☆レースパニック5☆

「アルベルト?私よ。」
電話から聞こえてきたのは、1番身近にいる女性のもの。
「フランソワーズ、どうしたんだ?」
004の問いかけに003は少し拗ねた声を出した。
「何言ってんのよ。ジョーとアルベルトのことがバレてたから、慌てて電話したのよ?」
ゲッと004が呻く。何故、日本にいる彼女がこのスキャンダルを知っているのだろうかと疑問に思う。
「何で知っているんだ、君が?」
「あのねえ、アルベルト。今はインターネットっていうものがあって、世界中の情報がわかるの。もうも
う、日本のジョーのファンクラブのホームページの中なんか大変な騒ぎになっているのよ?あんなオッサ
ンがジョーの恋人なんて許せないとか、掲示板とかで怒っているわ。」
「オッサン・・・・・。」
あまりの言われように、004は愕然とする。
「許せないって言われても、俺は・・・。」
何とか弁明しようとすると、003が言ってきた。
「わかってるわよ。
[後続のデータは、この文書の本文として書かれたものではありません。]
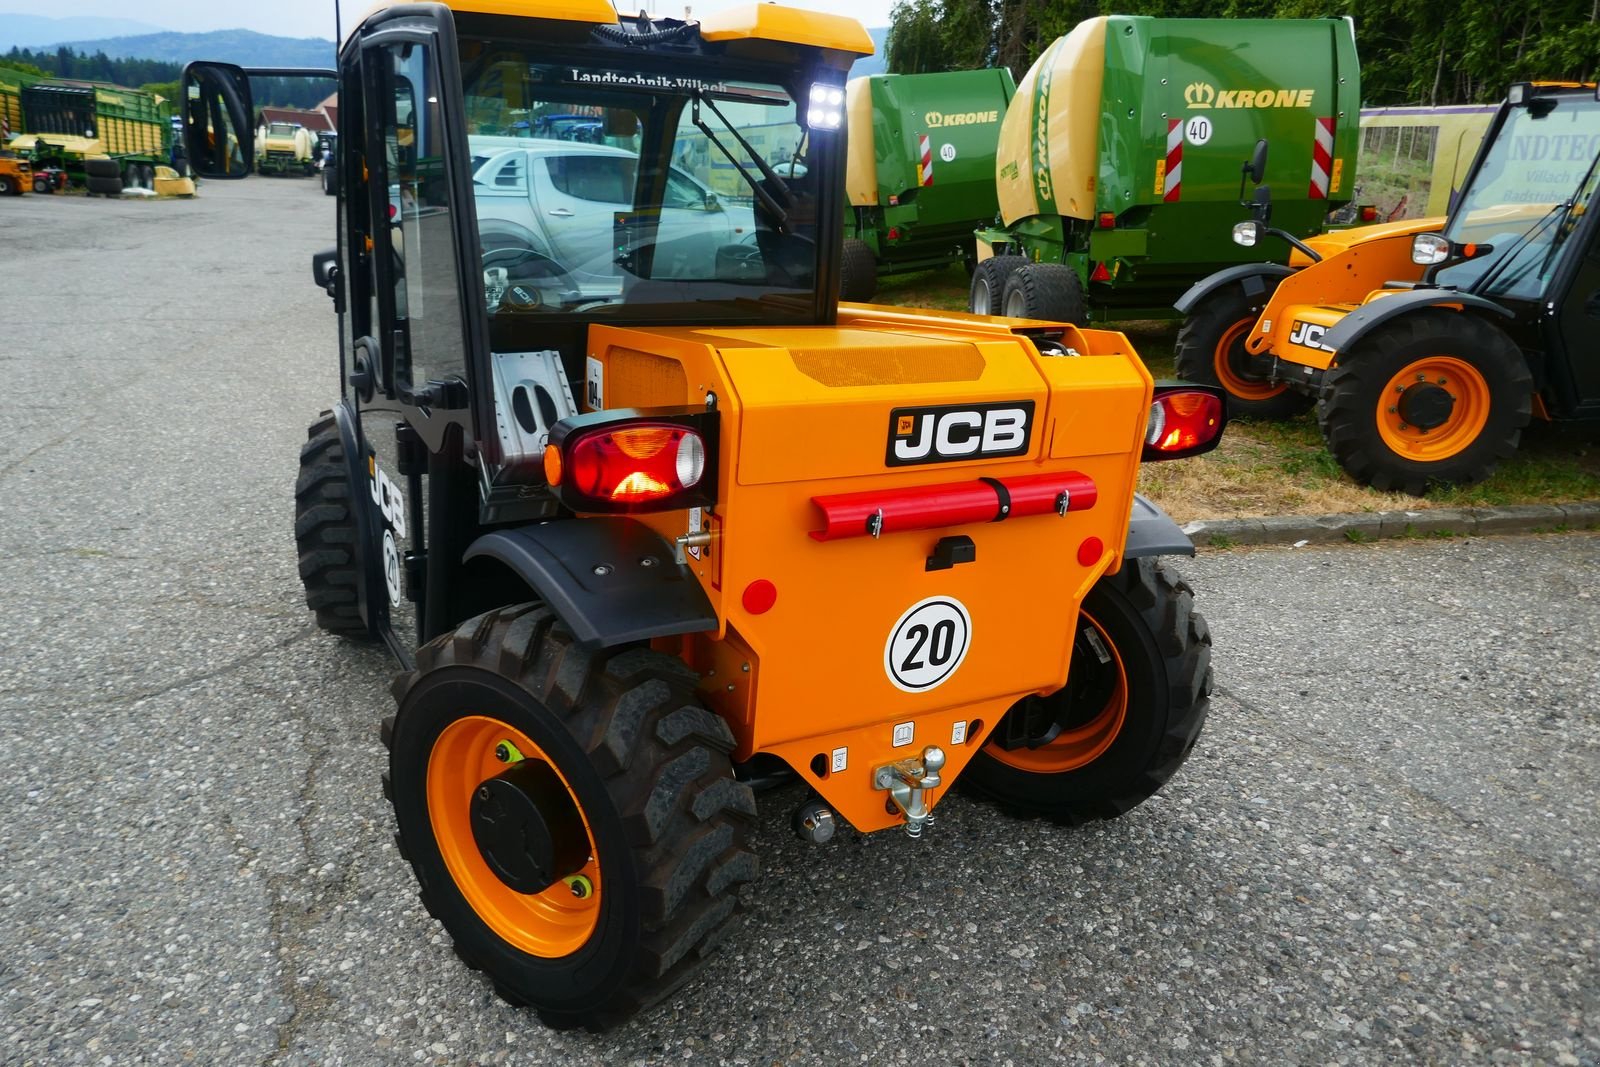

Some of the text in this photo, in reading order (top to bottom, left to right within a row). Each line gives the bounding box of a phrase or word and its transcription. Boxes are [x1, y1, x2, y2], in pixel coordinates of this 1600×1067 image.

[1214, 89, 1315, 109] KRONE
[943, 111, 998, 127] KRONE
[1037, 69, 1051, 169] KRON
[1189, 121, 1208, 140] 40
[943, 146, 953, 159] 40
[1526, 170, 1570, 184] Villach
[895, 408, 1027, 459] JCB
[370, 463, 406, 539] JCB
[900, 619, 956, 672] 20
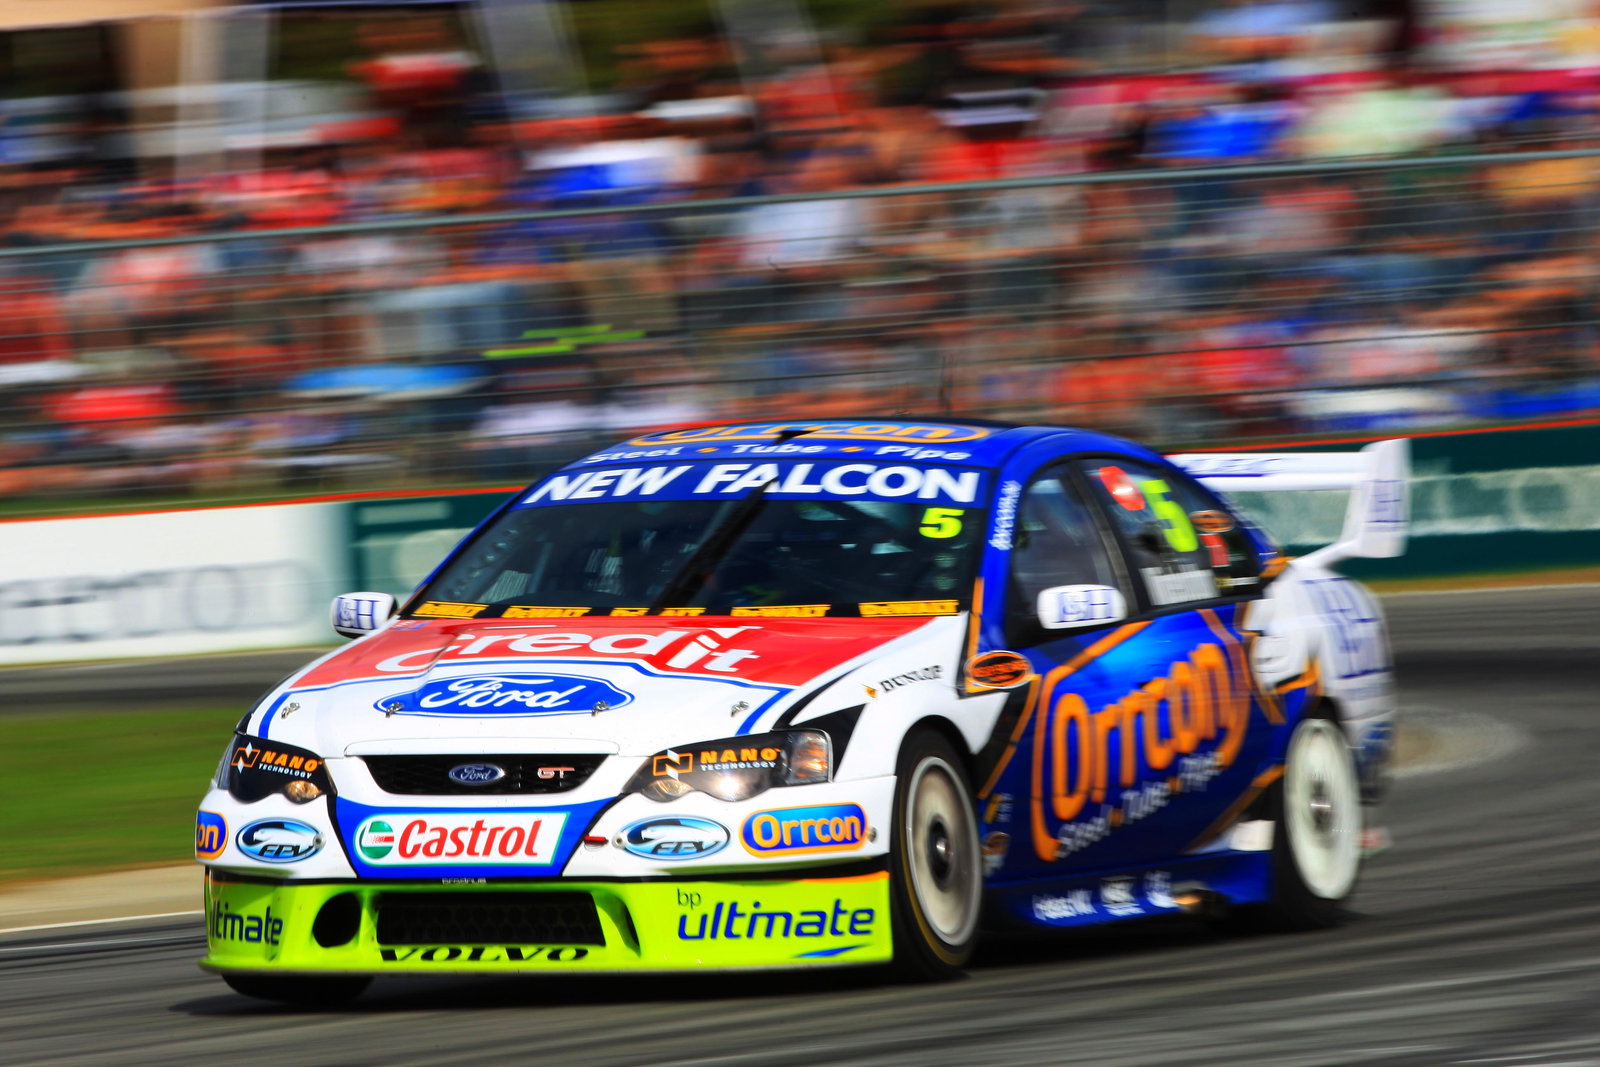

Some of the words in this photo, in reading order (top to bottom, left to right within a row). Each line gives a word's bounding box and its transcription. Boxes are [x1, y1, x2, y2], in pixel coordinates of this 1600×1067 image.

[582, 446, 684, 463] Steel
[732, 444, 827, 454] Tube
[875, 445, 972, 460] Pipe
[523, 465, 694, 503] NEW
[694, 463, 980, 503] FALCON
[919, 507, 964, 539] 5
[1139, 479, 1199, 552] 5
[880, 665, 943, 692] DUNLOP
[420, 678, 586, 708] Ford
[1052, 643, 1234, 820] Orrcon
[261, 750, 318, 772] NANO
[700, 747, 777, 764] NANO
[700, 761, 776, 772] TECHNOLOGY
[258, 763, 312, 779] TECHNOLOGY
[461, 764, 491, 782] Ford
[537, 766, 575, 779] GT
[398, 819, 543, 859] Castrol
[752, 813, 862, 849] Orrcon
[677, 888, 702, 909] bp
[678, 898, 875, 941] ultimate
[380, 947, 589, 961] VOLVO
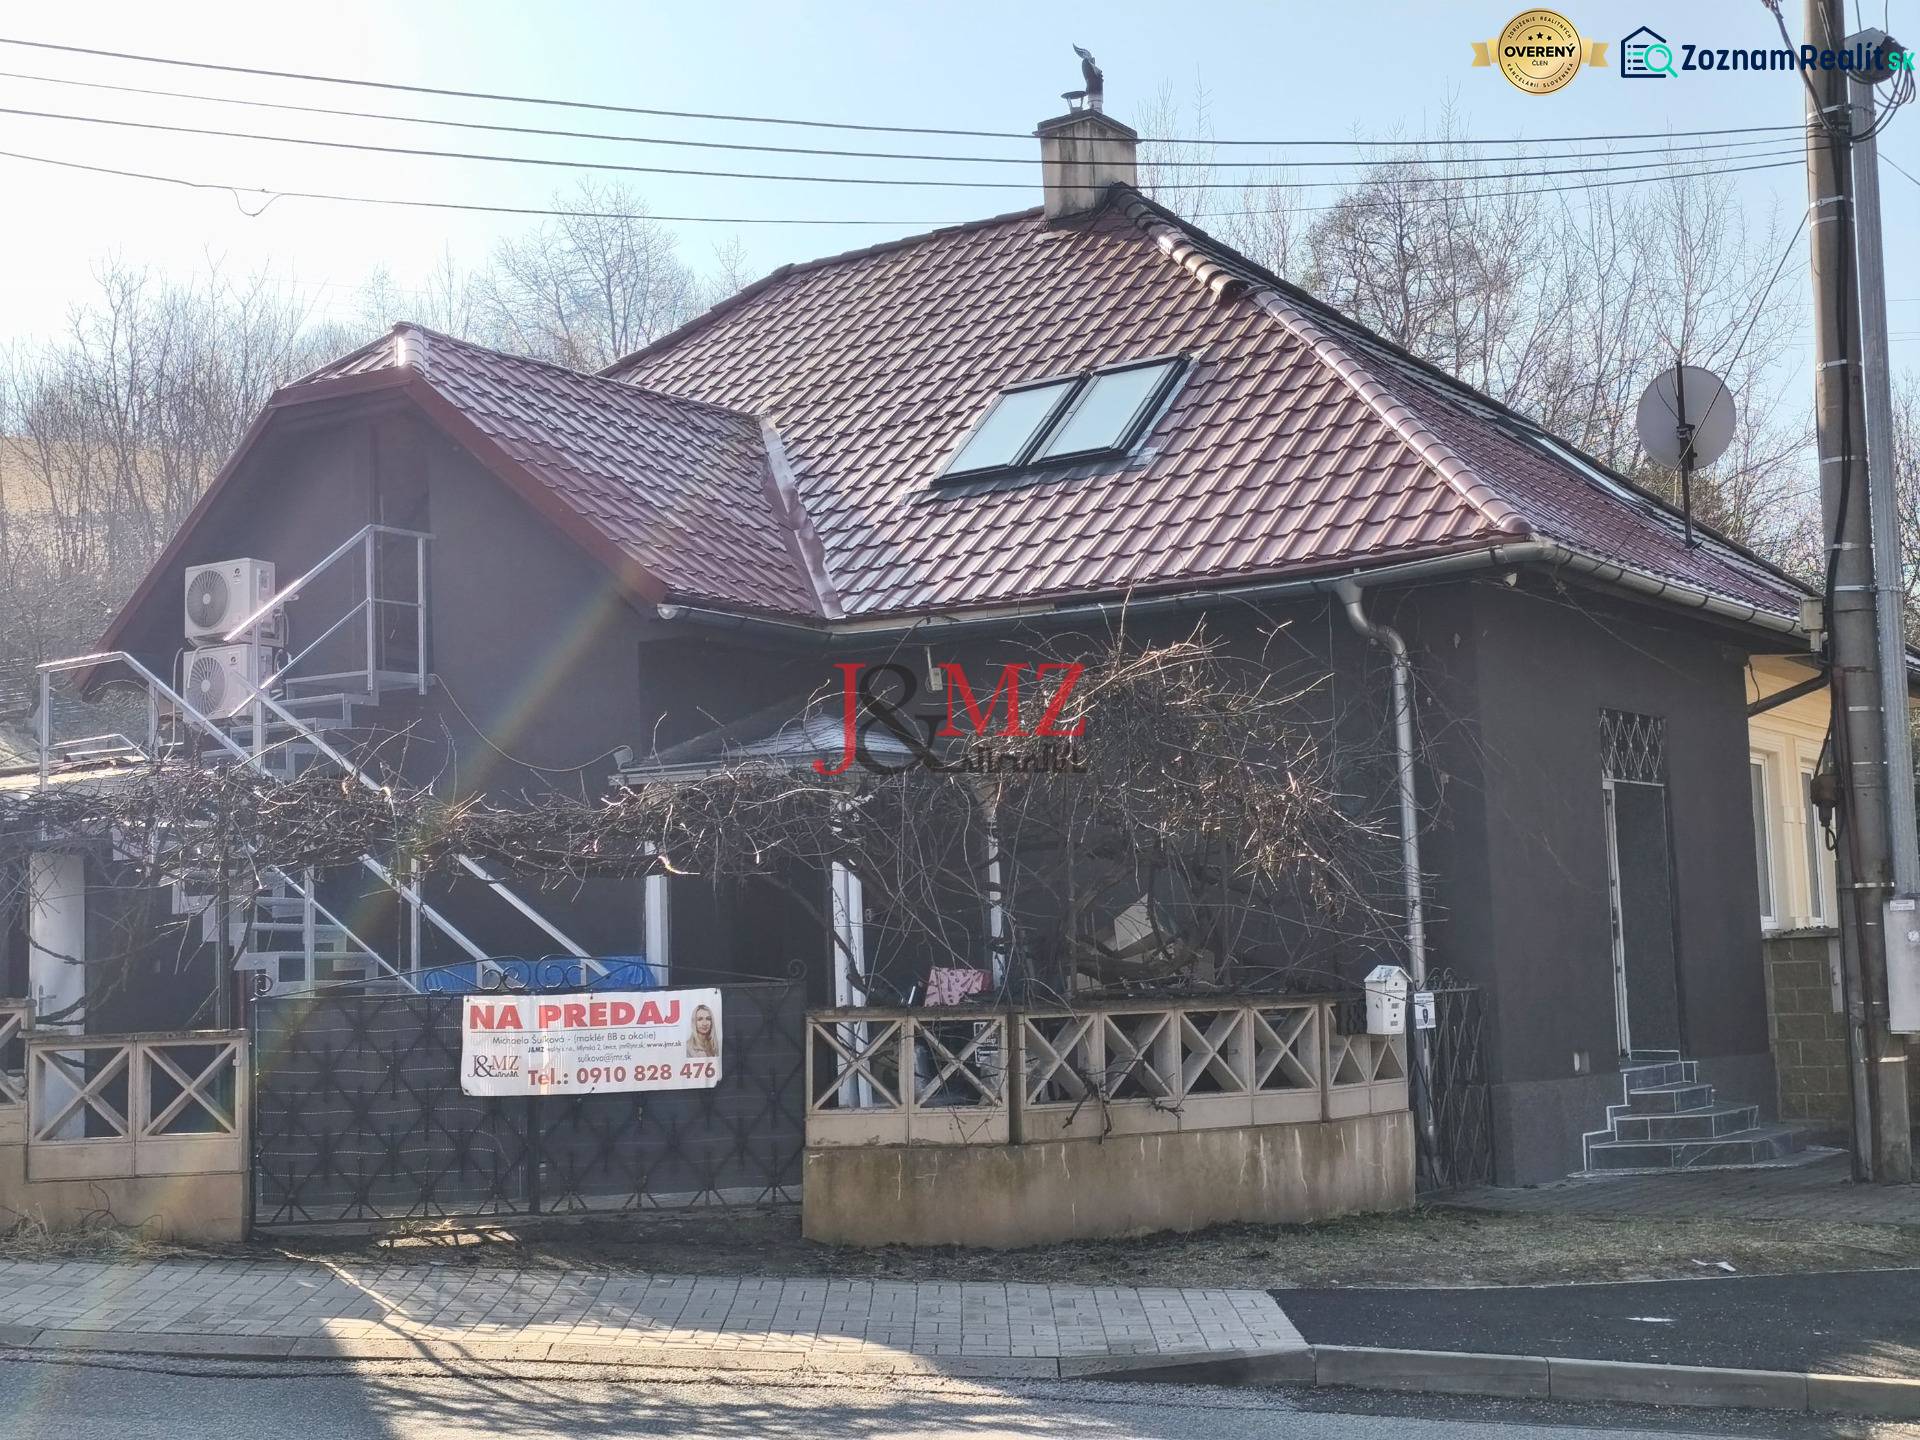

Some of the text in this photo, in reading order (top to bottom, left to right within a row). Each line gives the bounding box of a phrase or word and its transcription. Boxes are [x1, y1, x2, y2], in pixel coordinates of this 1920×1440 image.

[469, 999, 680, 1030] NA PREDAJ
[492, 1036, 529, 1044] Michaela
[607, 1033, 618, 1041] BB
[628, 1032, 656, 1041] okolie)
[528, 1062, 716, 1086] Tel.: 0910 828 476
どうせ、ジョーに強引に引っ張りこまれたんでしょ。本当に災難よね、アルベルト。」
「うん。」
思わず本音がでた。しかし流石003、伊達に009との暮らしが1番長いだけのことはある。009の行
動をすっぱり見抜いている。004は何だか涙で前が見えません状態になってきた。
「ねえ、アルベルト?」
「うん?」
「悪い事は言わないわ。今すぐマネージャーの仕事を止めて、真っ当な仕事に戻った方が良いわよ。そうね
トラックの運転手とか又やれば良いじゃないの。ジョーの我侭にアルベルトが付き合うことは、全然無いの
よ?」
003の言葉が004には嬉しかった。003が本当に自分を心配してくれたことが、ありありと分かった
からだ。しかし・・・。
「有難う、フランソワーズ。でも、今マネージャー辞めると逃げたみたいに思われるし、仕事の先にゴシッ
プ記者とかが、現れるの嫌だから、もう少し頑張ってみるよ。それに、そう簡単に仕事にありつけるわけで
もないしな。」
004の言葉に、電話口で003がフウと溜息を漏らしたのが聞こえた。
「だったら、日本に来ない?」
思いもかけない003の言葉に、004が驚く。
「何で。」
「ほら私、バレエ団に属してるじゃない?そこの先生、結構あちこちに顔が利くの。良かったら仕事の斡旋
をお願いしたら?そうね、ドイツ語の翻訳とか適任だと思うわよ。」
「・・・・・・・・・・・・・・・。」
003のお誘いは、004にはかなり魅力的ともいえた。少なくとも、009にハンマーのごとく振り回さ
れることもないだろうし、こういうスキャンダルにも巻き込まれないだろう。翻訳ってすっごい地味な職業
なのだ。電話で話している004には分からなかったが、009が凄惨な笑みを持って電話を睨んでいた。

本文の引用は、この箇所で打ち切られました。